**WORK TASK:** In your transcription, keep every record exact and leave out the pictures.
□ □ □ □ □ □ □
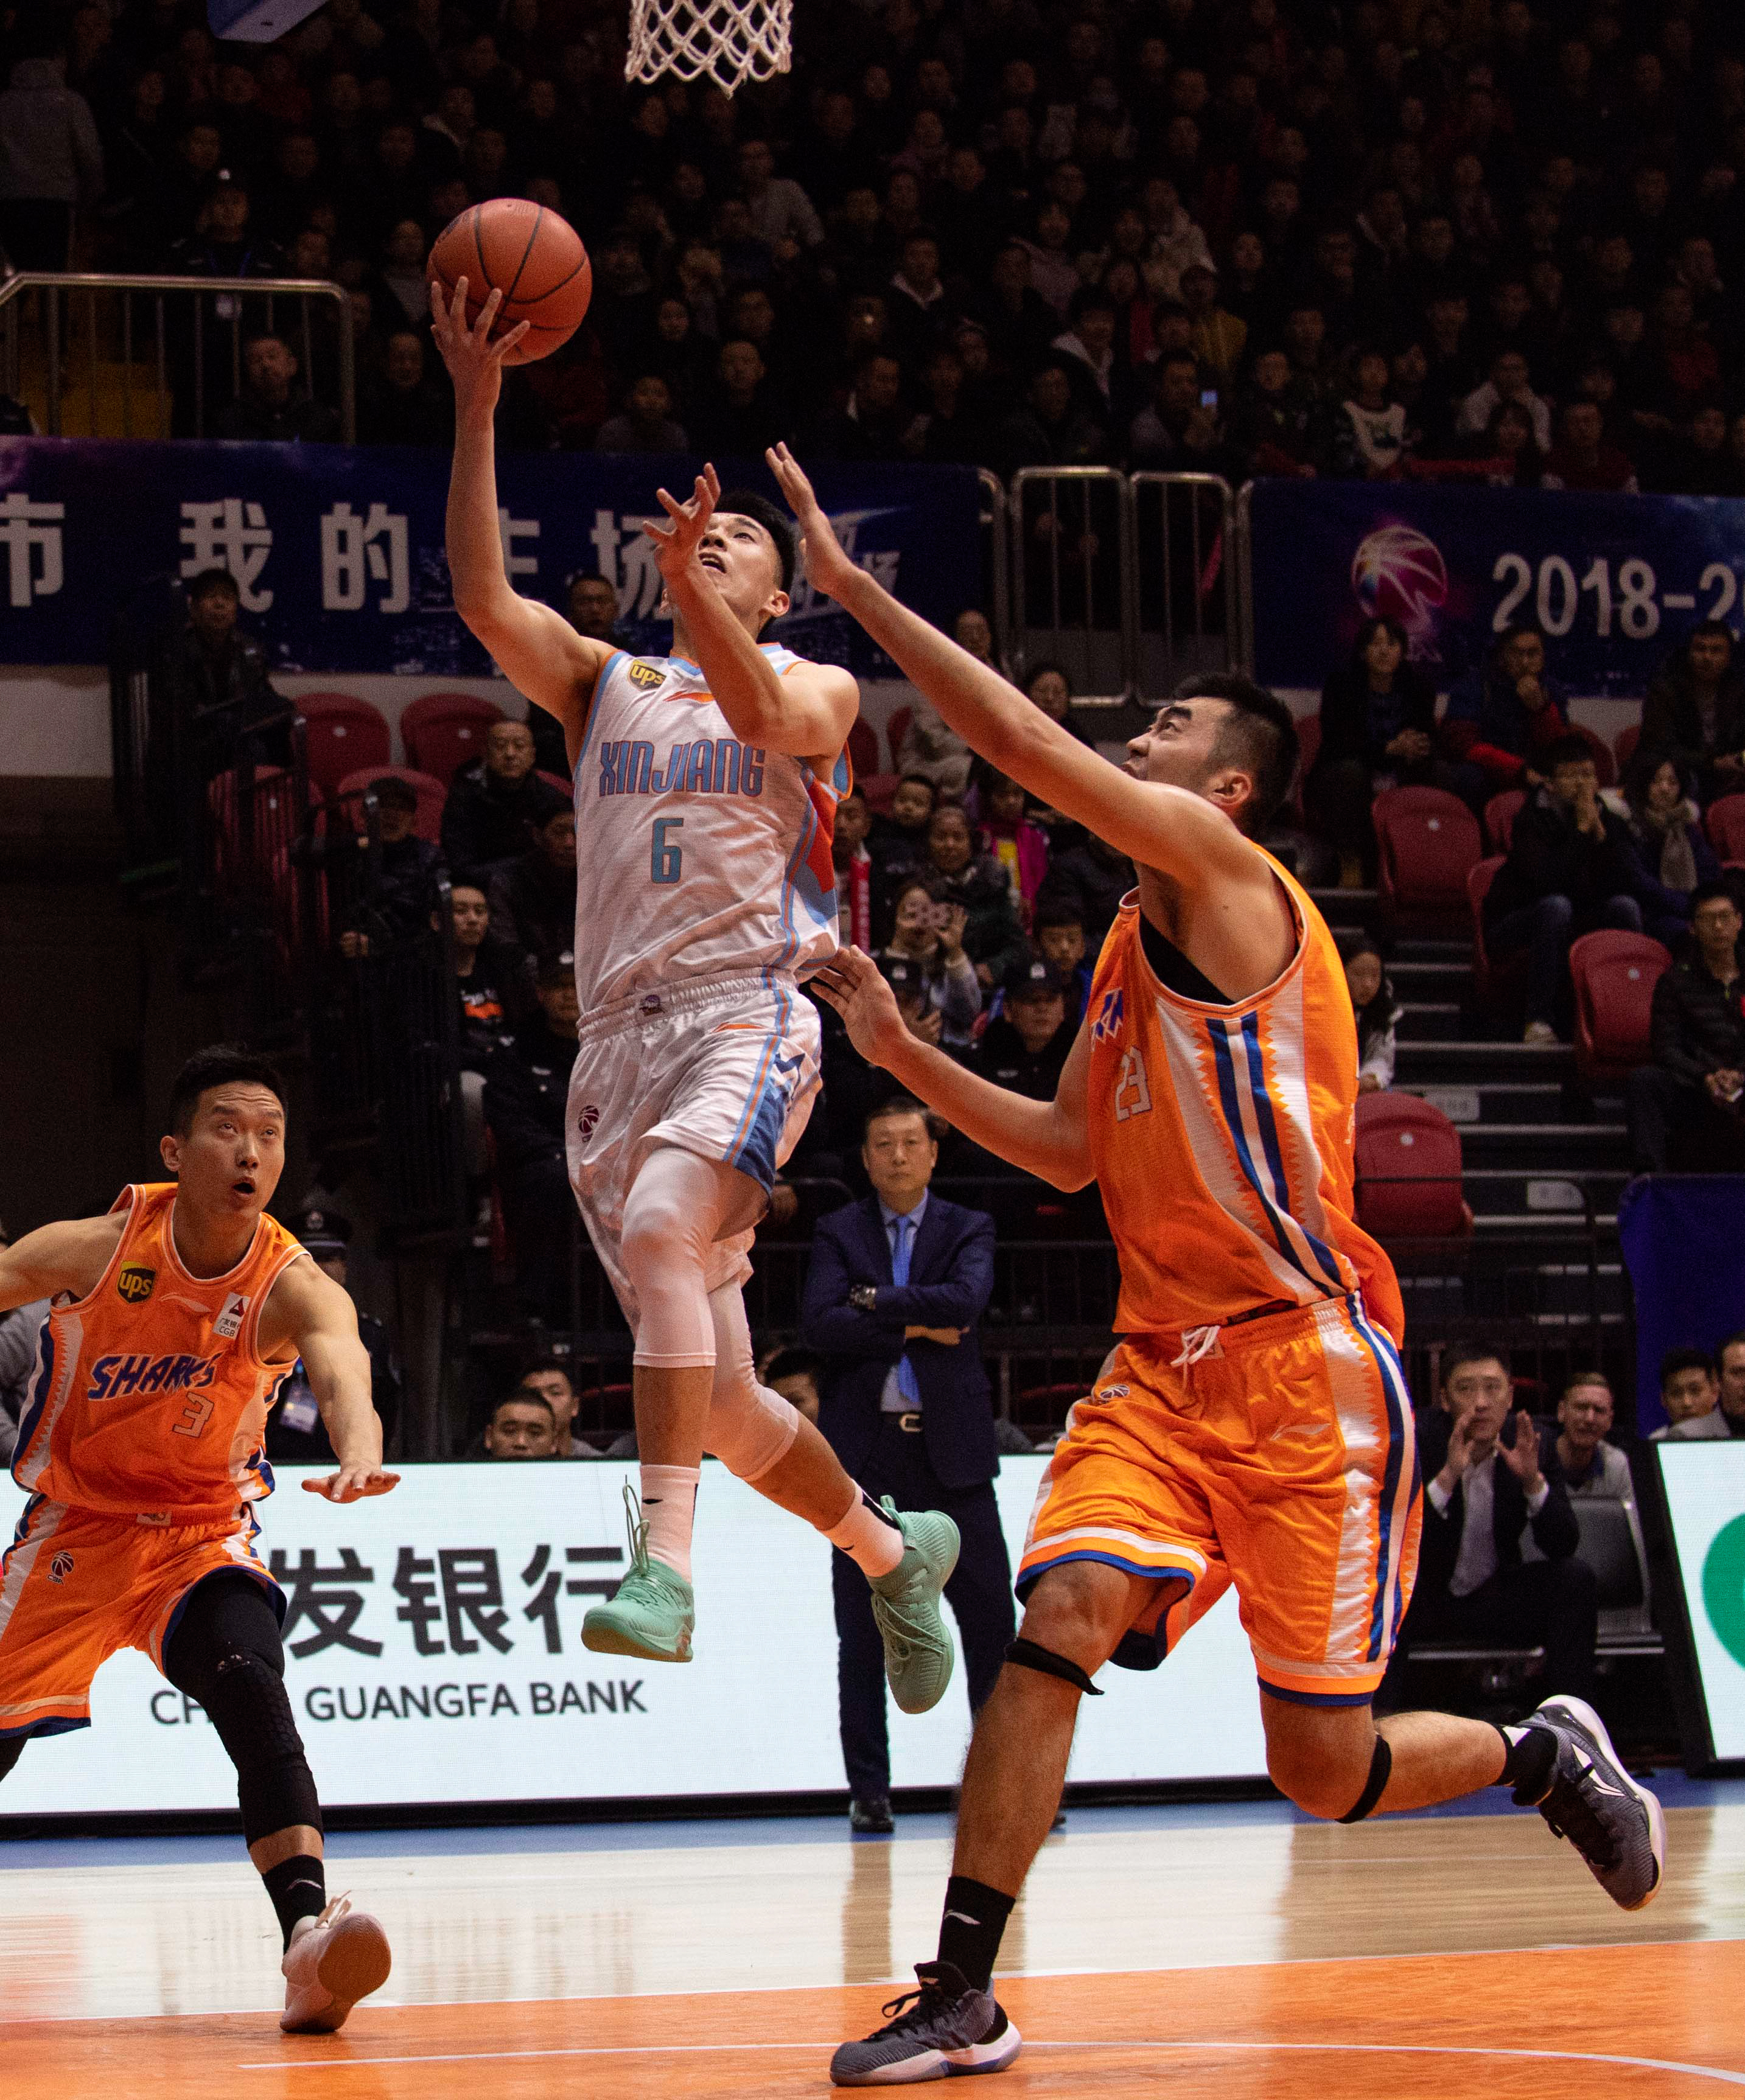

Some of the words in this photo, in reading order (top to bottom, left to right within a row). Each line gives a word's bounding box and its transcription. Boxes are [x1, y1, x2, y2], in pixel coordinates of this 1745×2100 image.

[631, 665, 663, 686] ups
[599, 738, 766, 797] XINJIANG
[651, 817, 684, 884] 6
[1114, 1045, 1152, 1123] 23
[119, 1272, 152, 1299] ups
[219, 1326, 235, 1337] CGB
[87, 1349, 228, 1401] SHARKS
[172, 1391, 214, 1438] 3
[305, 1683, 519, 1721] GUANGFA
[530, 1680, 648, 1714] BANK
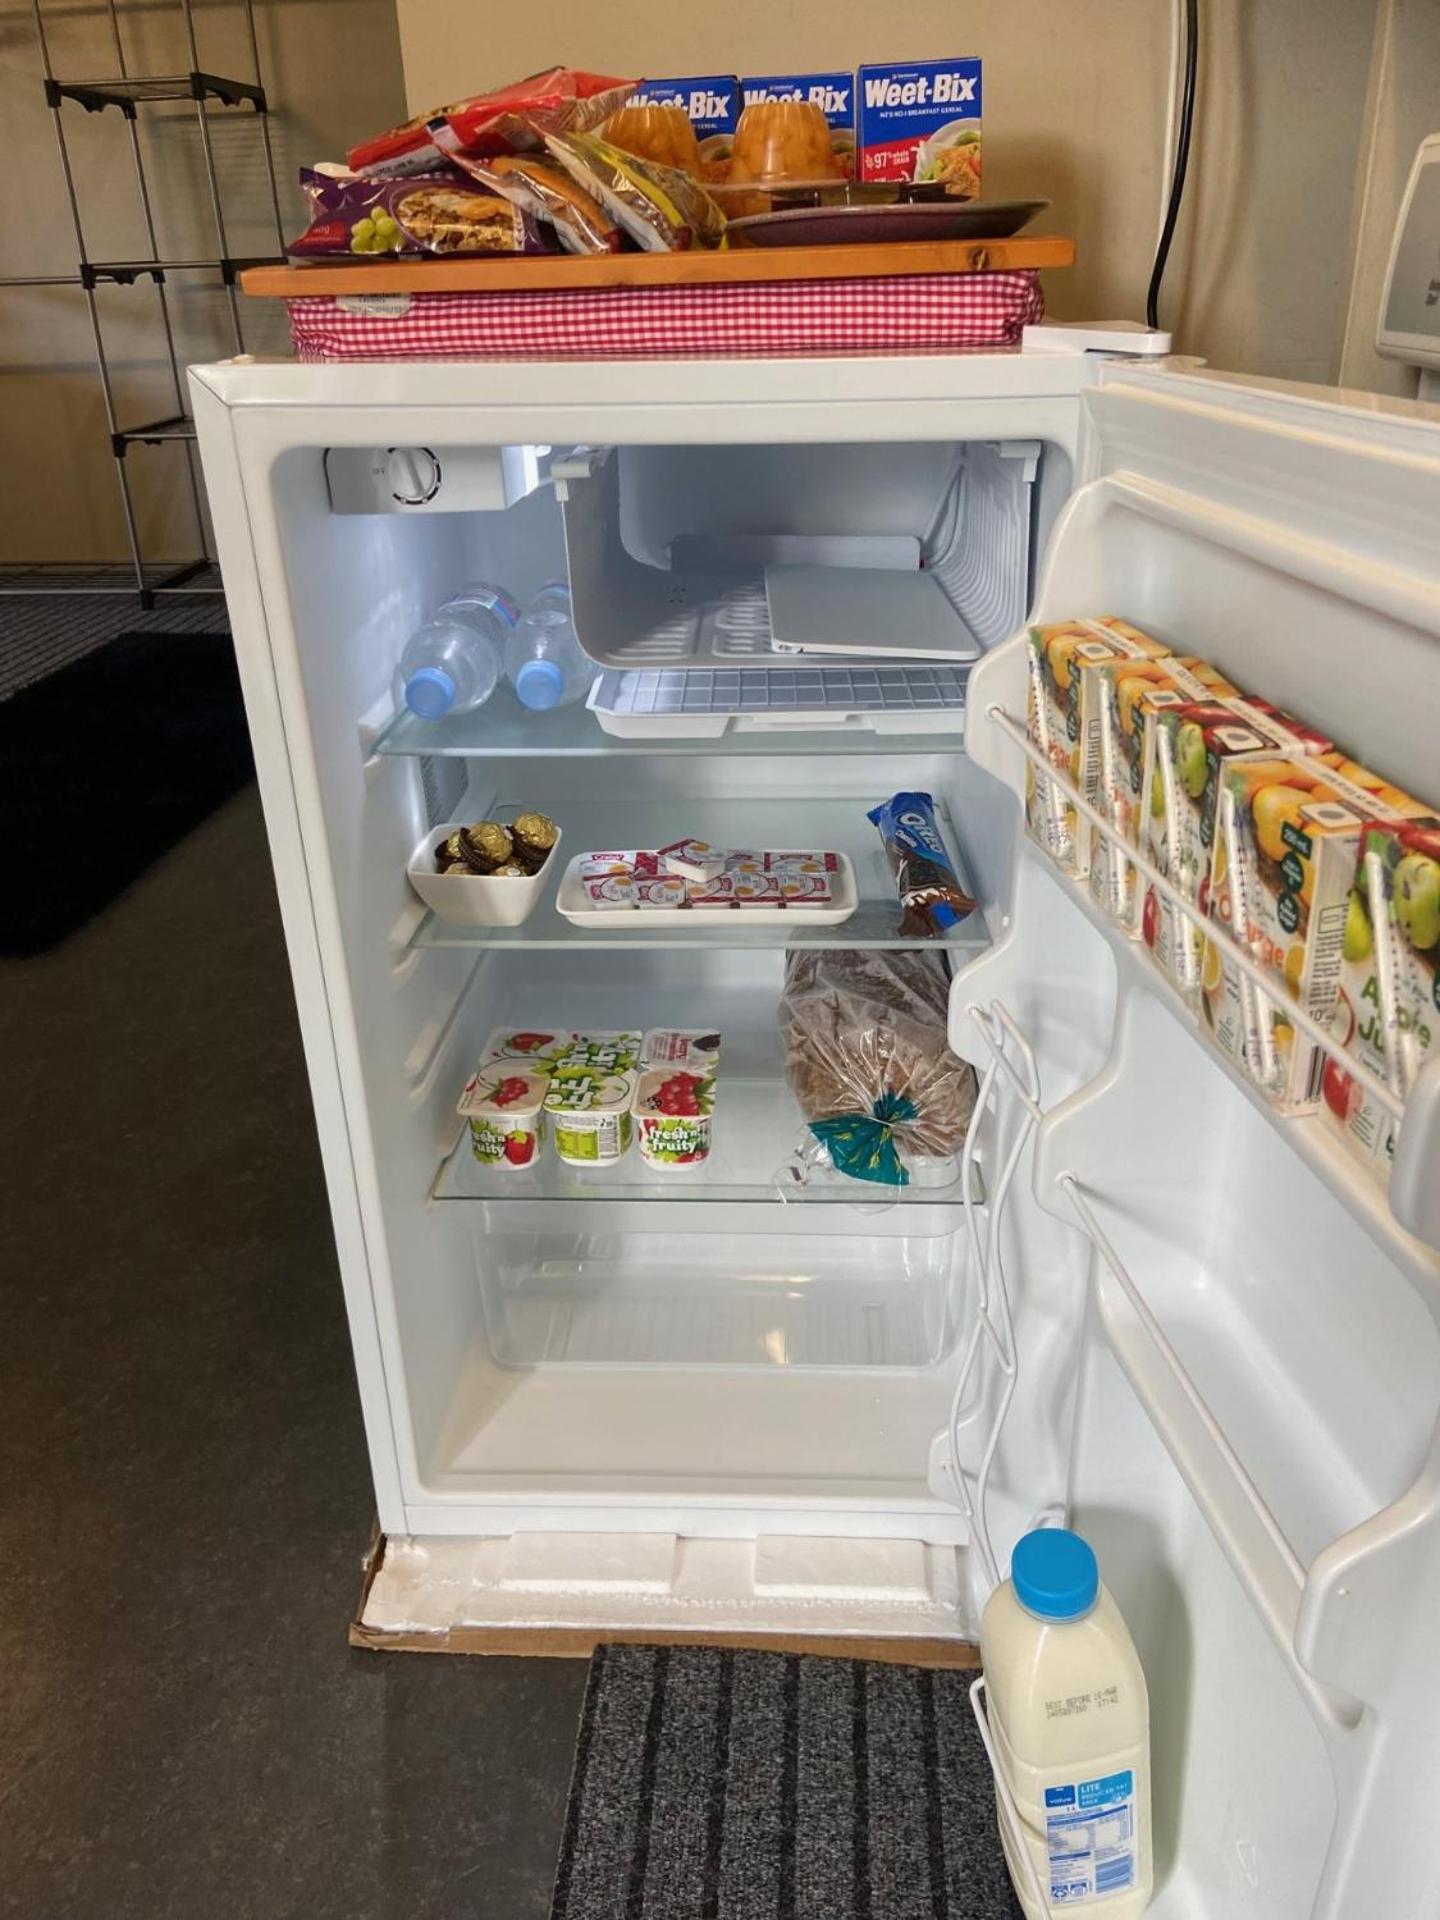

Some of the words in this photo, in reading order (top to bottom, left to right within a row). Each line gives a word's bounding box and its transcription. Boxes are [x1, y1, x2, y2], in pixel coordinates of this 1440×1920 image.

[865, 73, 977, 108] Weet-Bix
[908, 107, 939, 116] BREAKFAST
[941, 106, 963, 114] CEREAL
[653, 1138, 696, 1154] fruity
[1081, 1783, 1100, 1793] LITE
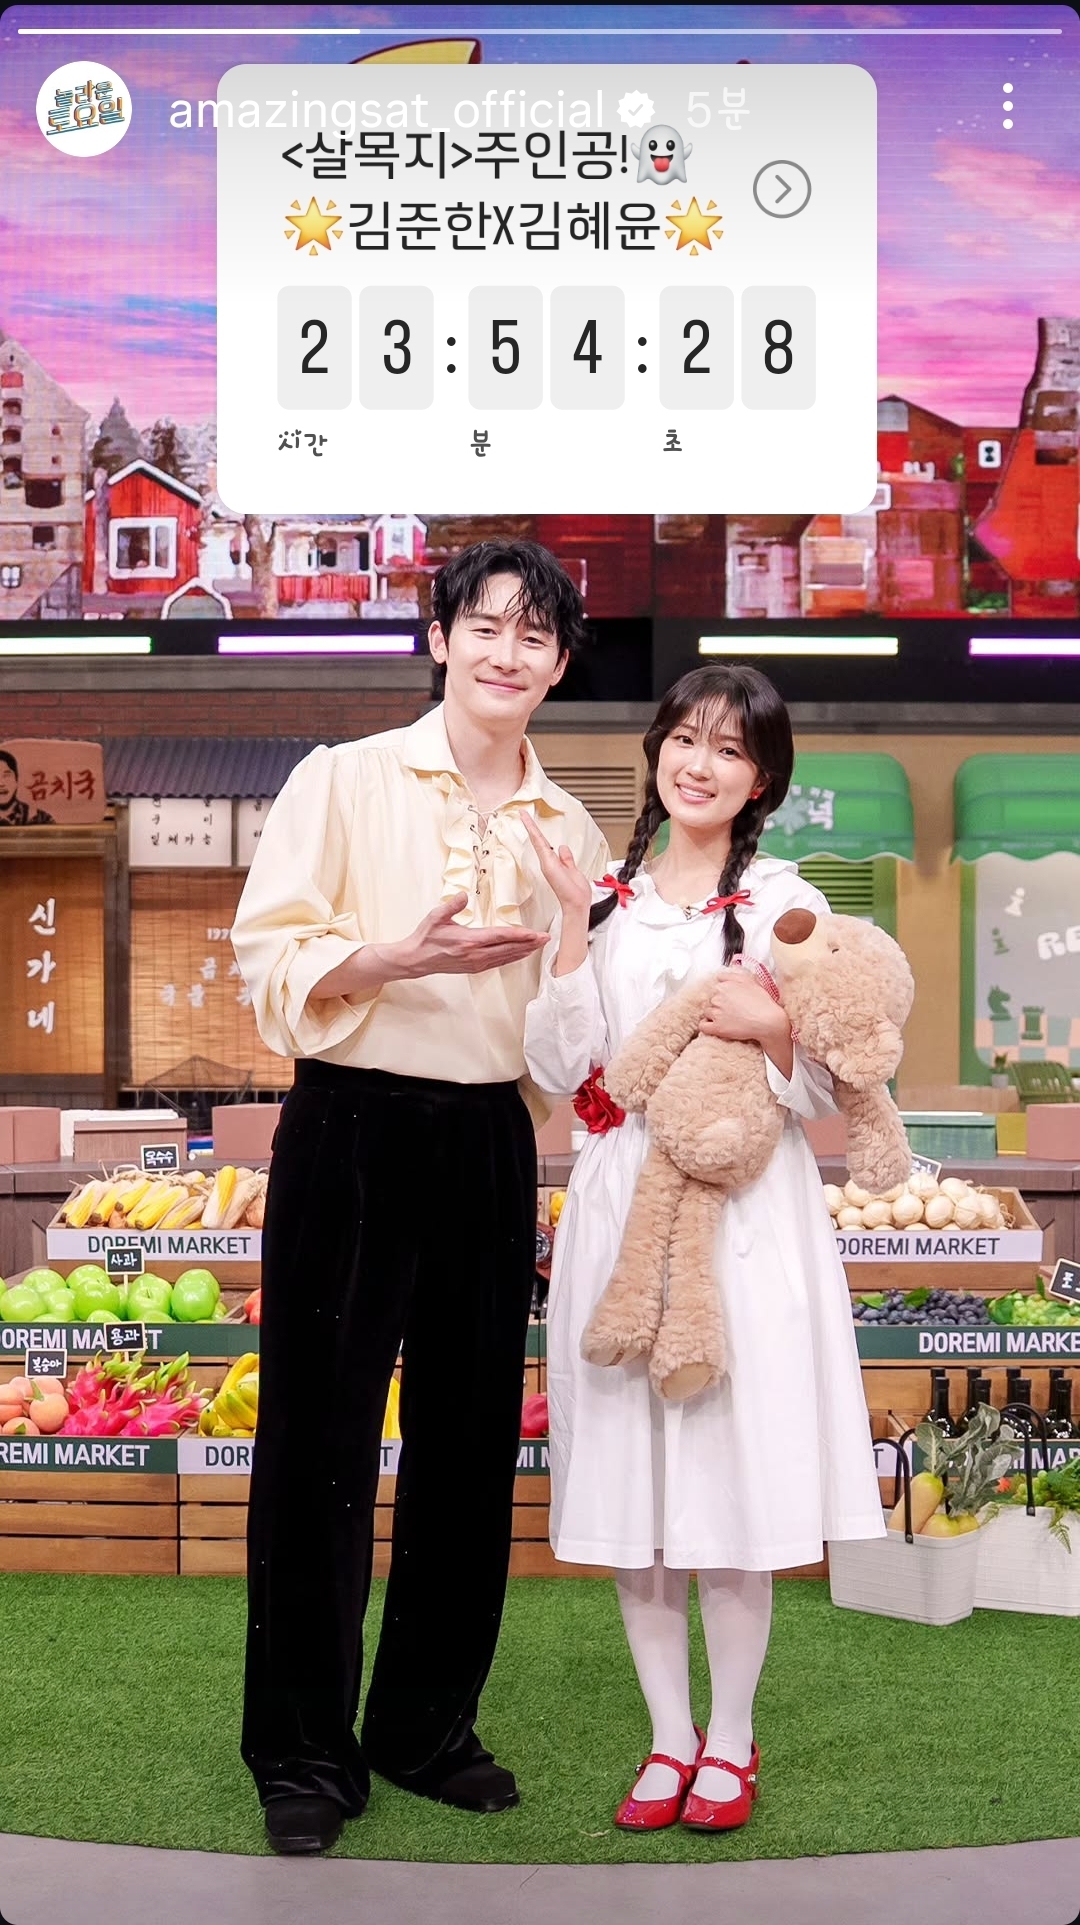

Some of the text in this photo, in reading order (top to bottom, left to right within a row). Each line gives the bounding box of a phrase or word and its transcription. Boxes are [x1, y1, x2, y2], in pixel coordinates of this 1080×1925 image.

[26, 769, 95, 800] 곰치국
[27, 897, 57, 1034] 신가네
[145, 1150, 174, 1166] 옥수수
[168, 1236, 251, 1254] MARKET
[915, 1237, 1000, 1255] MARKET
[111, 1252, 138, 1266] 사과
[1061, 1271, 1080, 1293] 포
[0, 1328, 162, 1350] OREMI MAT
[110, 1328, 140, 1346] 용과
[919, 1332, 1000, 1353] DOREMI
[32, 1356, 62, 1373] 복숭아
[54, 1443, 150, 1466] MARKET
[205, 1445, 254, 1467] DOR
□ □ □ □ □ □ □
**RESULT FOR THIS EXERCISE:**
Some of the words in this photo, in reading order (top to bottom, left to right within a row). Each line gives a word's bounding box and its transcription. Boxes are [x1, y1, x2, y2], in pixel coordinates of this 1745×2100 image.

[631, 665, 663, 686] ups
[599, 738, 766, 797] XINJIANG
[651, 817, 684, 884] 6
[1114, 1045, 1152, 1123] 23
[119, 1272, 152, 1299] ups
[219, 1326, 235, 1337] CGB
[87, 1349, 228, 1401] SHARKS
[172, 1391, 214, 1438] 3
[305, 1683, 519, 1721] GUANGFA
[530, 1680, 648, 1714] BANK

Some of the words in this photo, in reading order (top to bottom, left to right within a row). Each line gives a word's bounding box and its transcription. Boxes are [x1, y1, x2, y2], in pixel coordinates of this 1440×1920 image.

[865, 73, 977, 108] Weet-Bix
[908, 107, 939, 116] BREAKFAST
[941, 106, 963, 114] CEREAL
[653, 1138, 696, 1154] fruity
[1081, 1783, 1100, 1793] LITE

Some of the text in this photo, in reading order (top to bottom, left to right within a row). Each line gives the bounding box of a phrase or word and its transcription. Boxes are [x1, y1, x2, y2], in pixel coordinates of this 1080×1925 image.

[26, 769, 95, 800] 곰치국
[27, 897, 57, 1034] 신가네
[145, 1150, 174, 1166] 옥수수
[168, 1236, 251, 1254] MARKET
[915, 1237, 1000, 1255] MARKET
[111, 1252, 138, 1266] 사과
[1061, 1271, 1080, 1293] 포
[0, 1328, 162, 1350] OREMI MAT
[110, 1328, 140, 1346] 용과
[919, 1332, 1000, 1353] DOREMI
[32, 1356, 62, 1373] 복숭아
[54, 1443, 150, 1466] MARKET
[205, 1445, 254, 1467] DOR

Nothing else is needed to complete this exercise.